=== Exercise ===
Beginning at the line that contains "this 2048×1536 image." and ending at the last line of the entries, write out each line exactly; include nothing outside that span.

=== Excerpted records ===

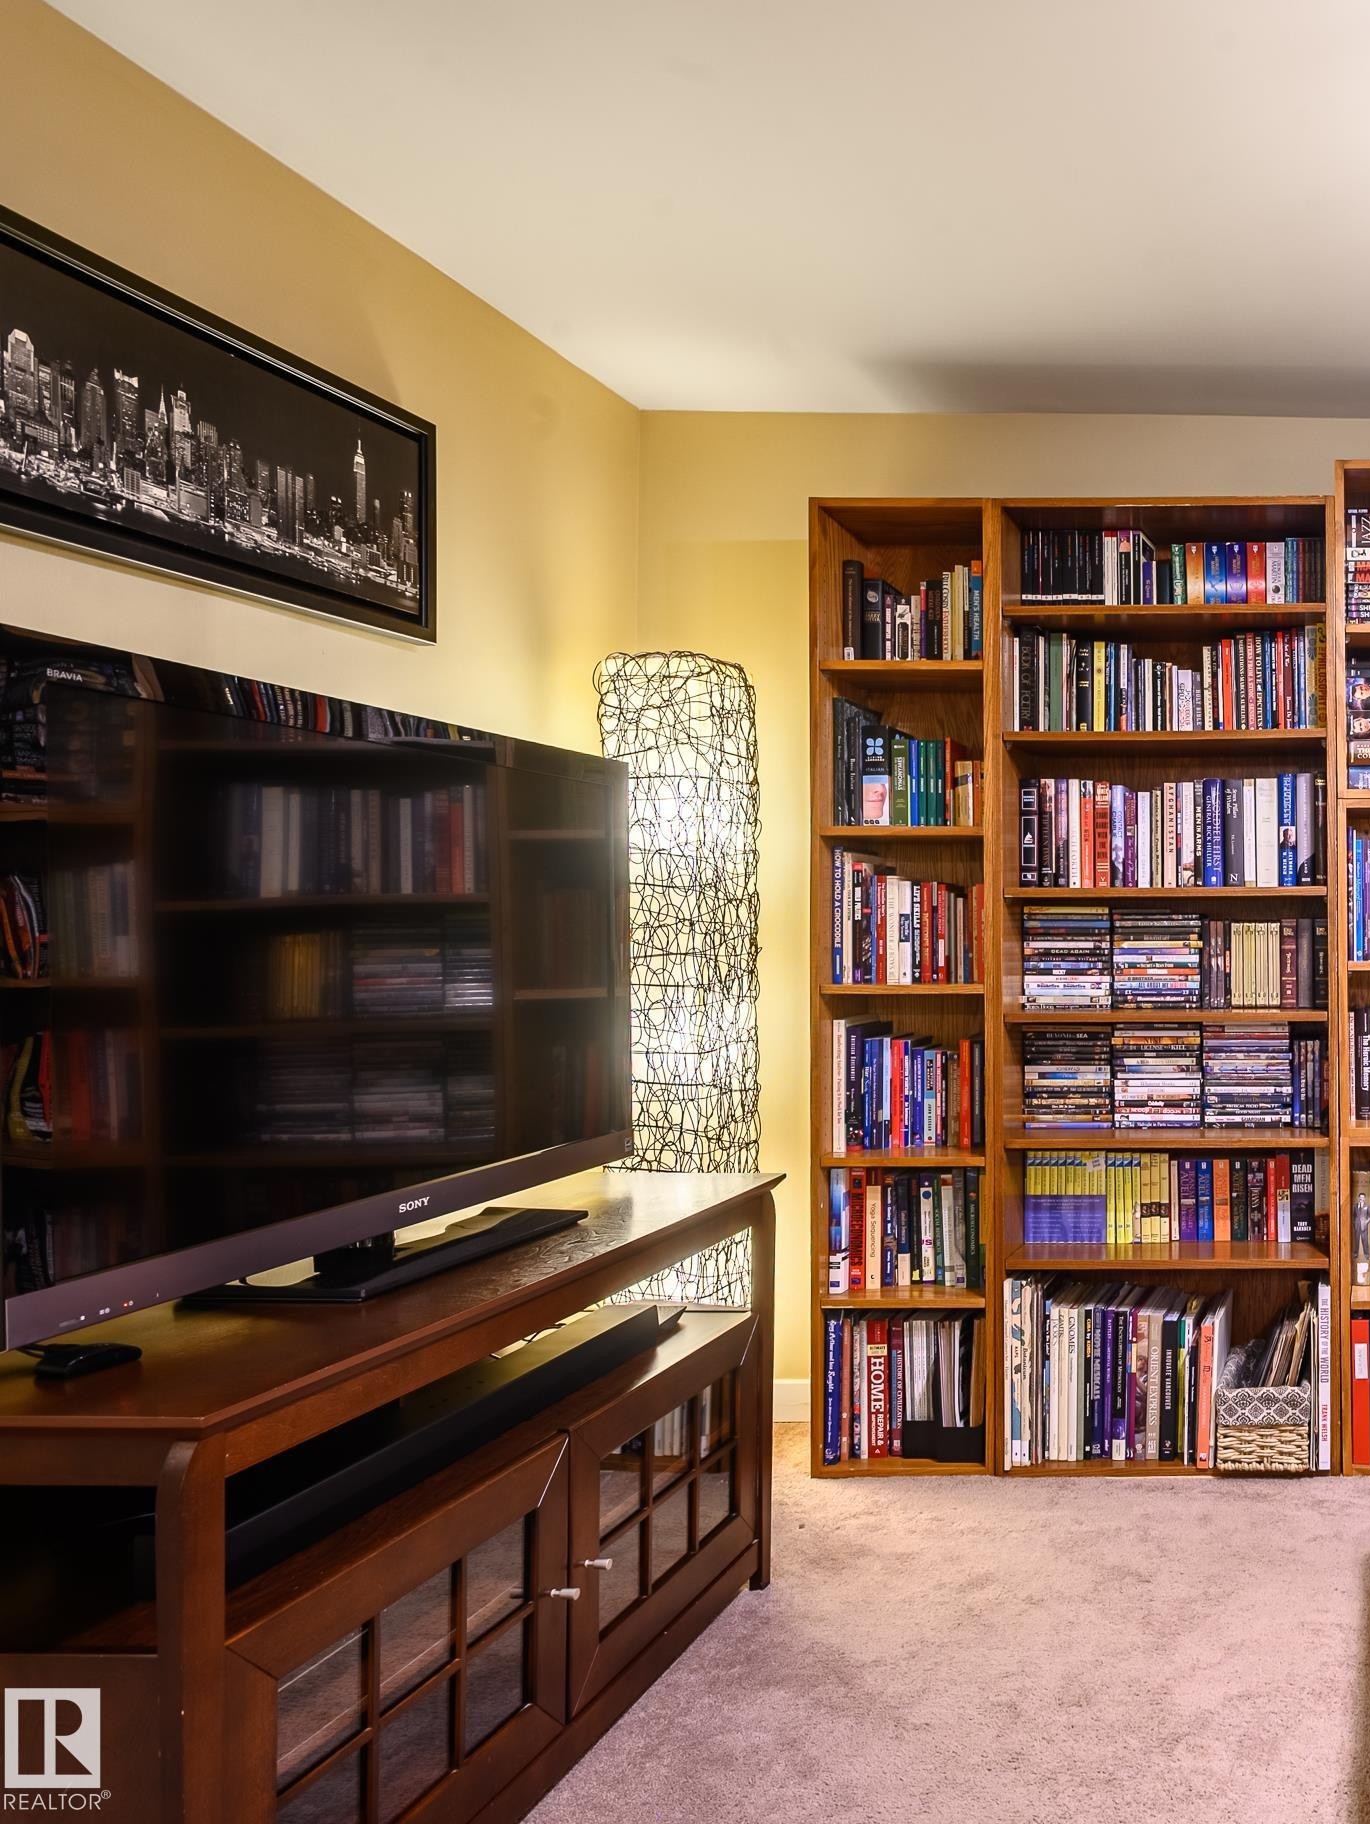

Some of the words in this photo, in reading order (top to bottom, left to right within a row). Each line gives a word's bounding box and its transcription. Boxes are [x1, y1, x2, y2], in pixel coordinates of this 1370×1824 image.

[1255, 657, 1262, 666] TO
[46, 668, 83, 682] BRAVIA
[1318, 653, 1326, 706] PHILOSOPHY
[1213, 801, 1221, 844] SOLDIER
[1213, 846, 1221, 872] FIRST
[834, 868, 841, 879] TO
[1362, 1034, 1370, 1043] The
[1362, 1067, 1370, 1091] Memory
[1292, 1164, 1312, 1174] DEAD
[1294, 1174, 1310, 1183] MEN
[1199, 1174, 1207, 1195] AUEL
[1292, 1183, 1312, 1193] RISEN
[399, 1196, 430, 1213] SONY
[1068, 1316, 1076, 1354] GNOMES
[1320, 1308, 1329, 1339] HISTORY
[1093, 1329, 1101, 1356] MOVIE
[1150, 1346, 1159, 1383] ORIENT
[1320, 1357, 1329, 1383] WORLD
[871, 1357, 884, 1412] HOME
[896, 1380, 902, 1389] OF
[1093, 1358, 1101, 1400] MUSICALS
[1149, 1385, 1158, 1426] EXPRESS
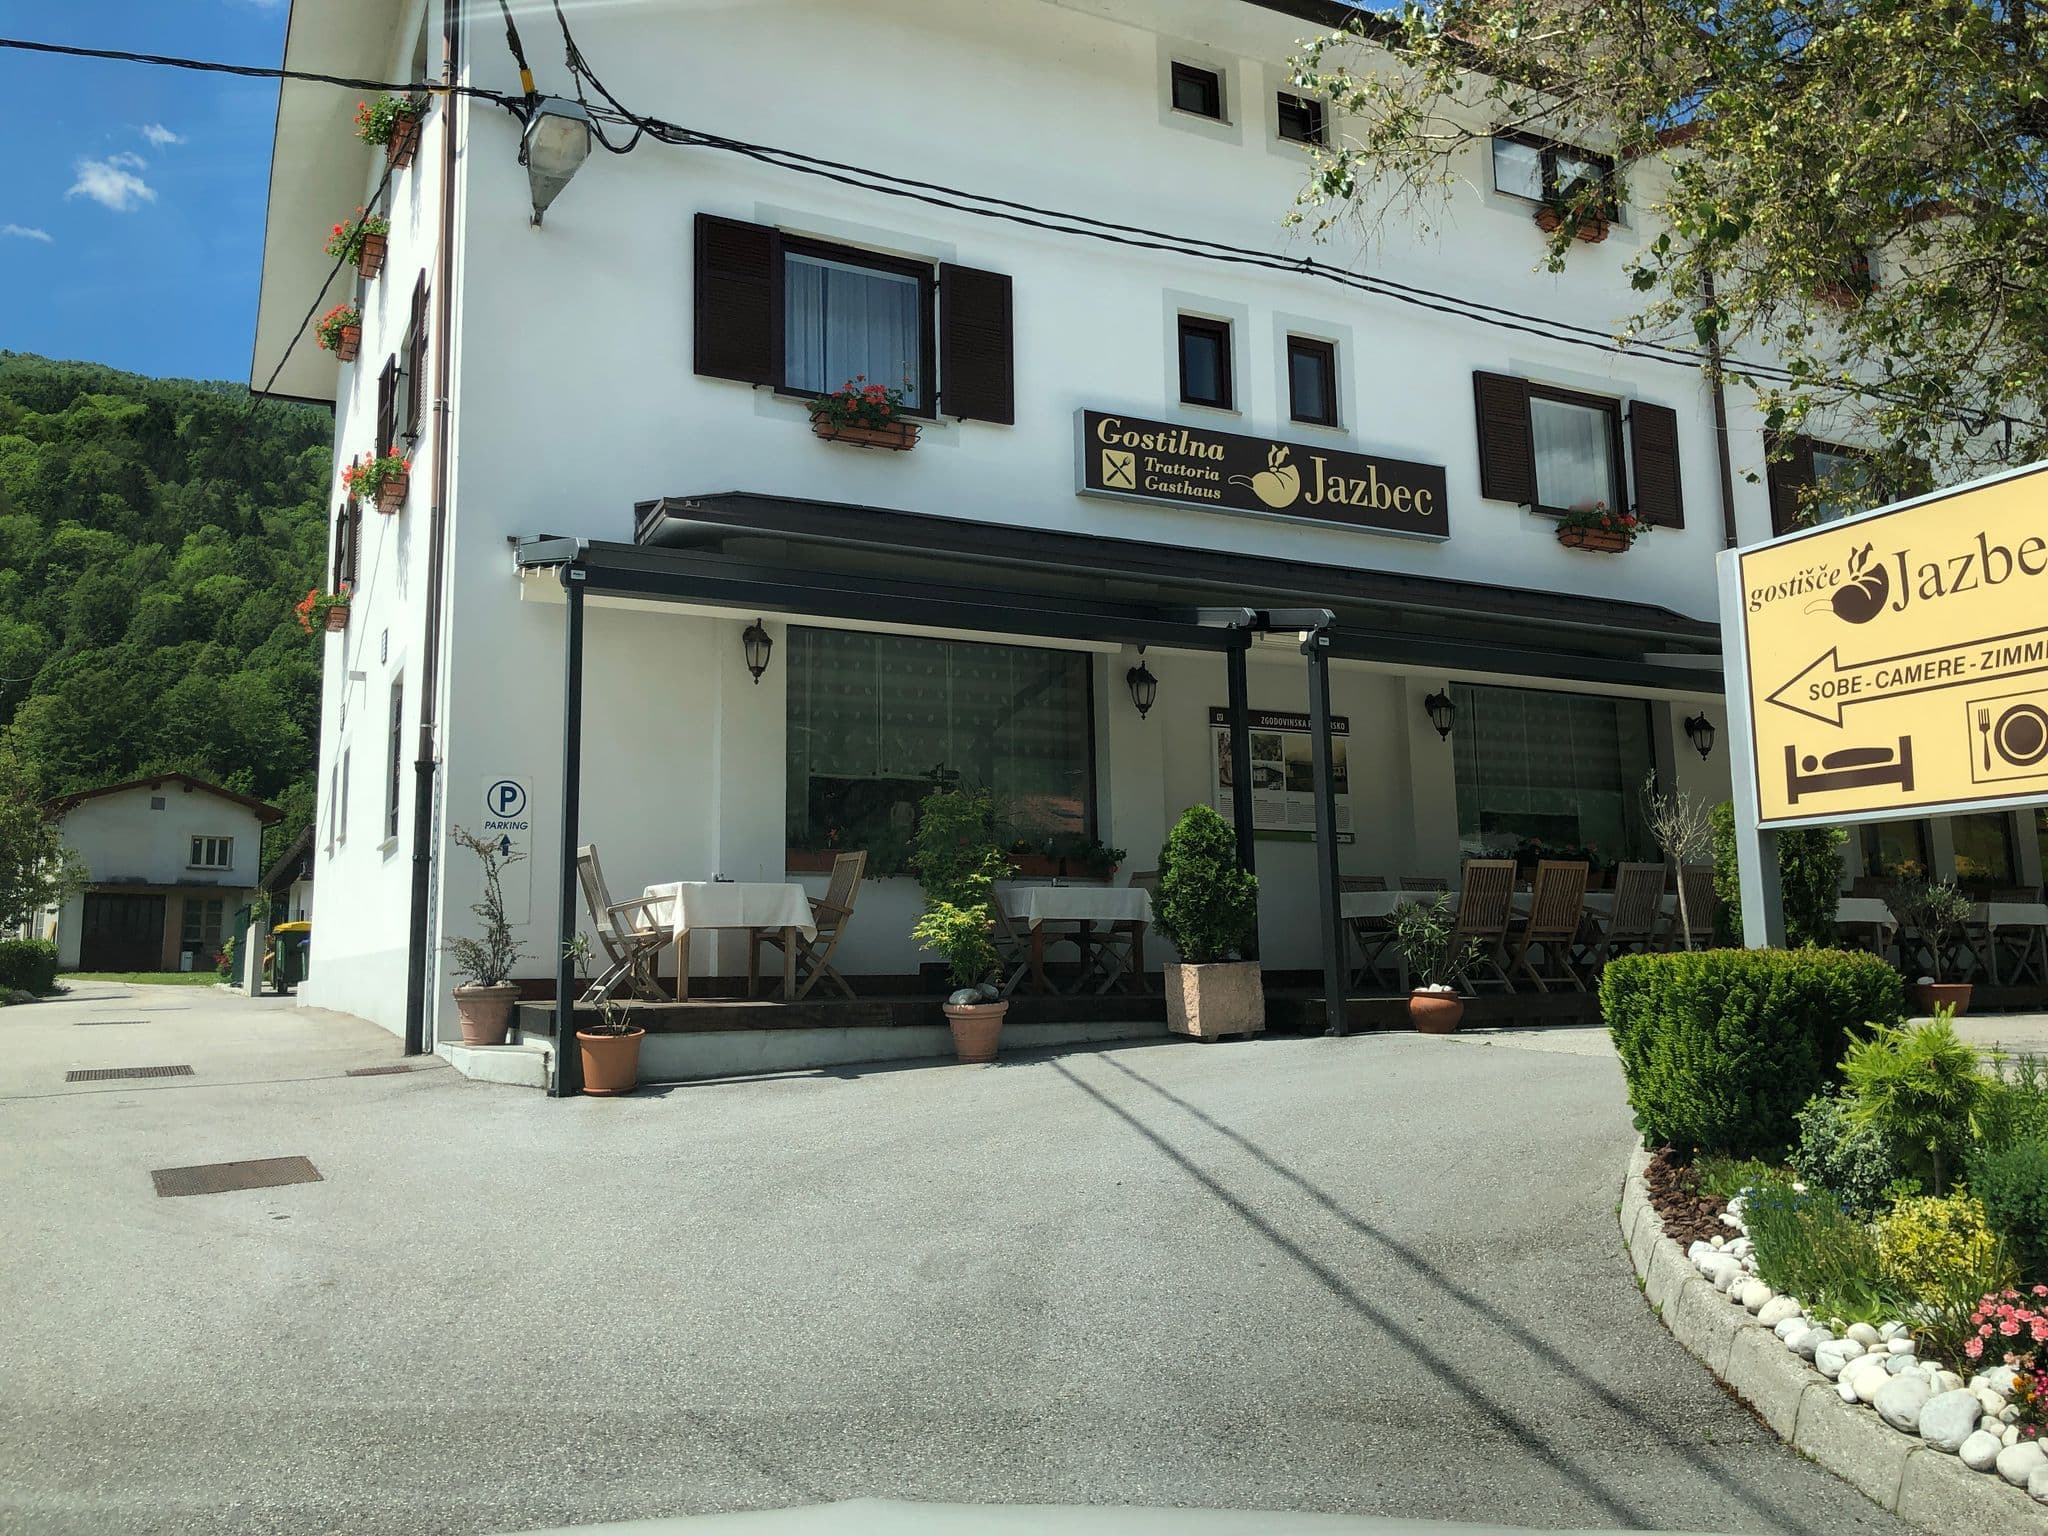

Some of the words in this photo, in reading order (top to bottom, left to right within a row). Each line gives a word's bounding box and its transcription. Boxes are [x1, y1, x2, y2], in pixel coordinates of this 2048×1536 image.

[1097, 417, 1225, 461] Gostilna
[1144, 456, 1220, 481] Trattoria
[1144, 475, 1221, 500] Gasthaus
[1304, 455, 1433, 516] Jazbec
[1749, 564, 1841, 612] gostišče
[1892, 531, 2048, 612] Jazbe
[1980, 639, 2048, 670] ZIMM
[1260, 716, 1307, 728] ZGODOVINSKA
[500, 786, 517, 812] P
[484, 821, 529, 830] PARKING

=== Answer to this task ===
Some of the words in this photo, in reading order (top to bottom, left to right within a row). Each line gives a word's bounding box and its transcription. Boxes are [x1, y1, x2, y2], in pixel coordinates of this 2048×1536 image.

[1097, 417, 1225, 461] Gostilna
[1144, 456, 1220, 481] Trattoria
[1144, 475, 1221, 500] Gasthaus
[1304, 455, 1433, 516] Jazbec
[1749, 564, 1841, 612] gostišče
[1892, 531, 2048, 612] Jazbe
[1980, 639, 2048, 670] ZIMM
[1260, 716, 1307, 728] ZGODOVINSKA
[500, 786, 517, 812] P
[484, 821, 529, 830] PARKING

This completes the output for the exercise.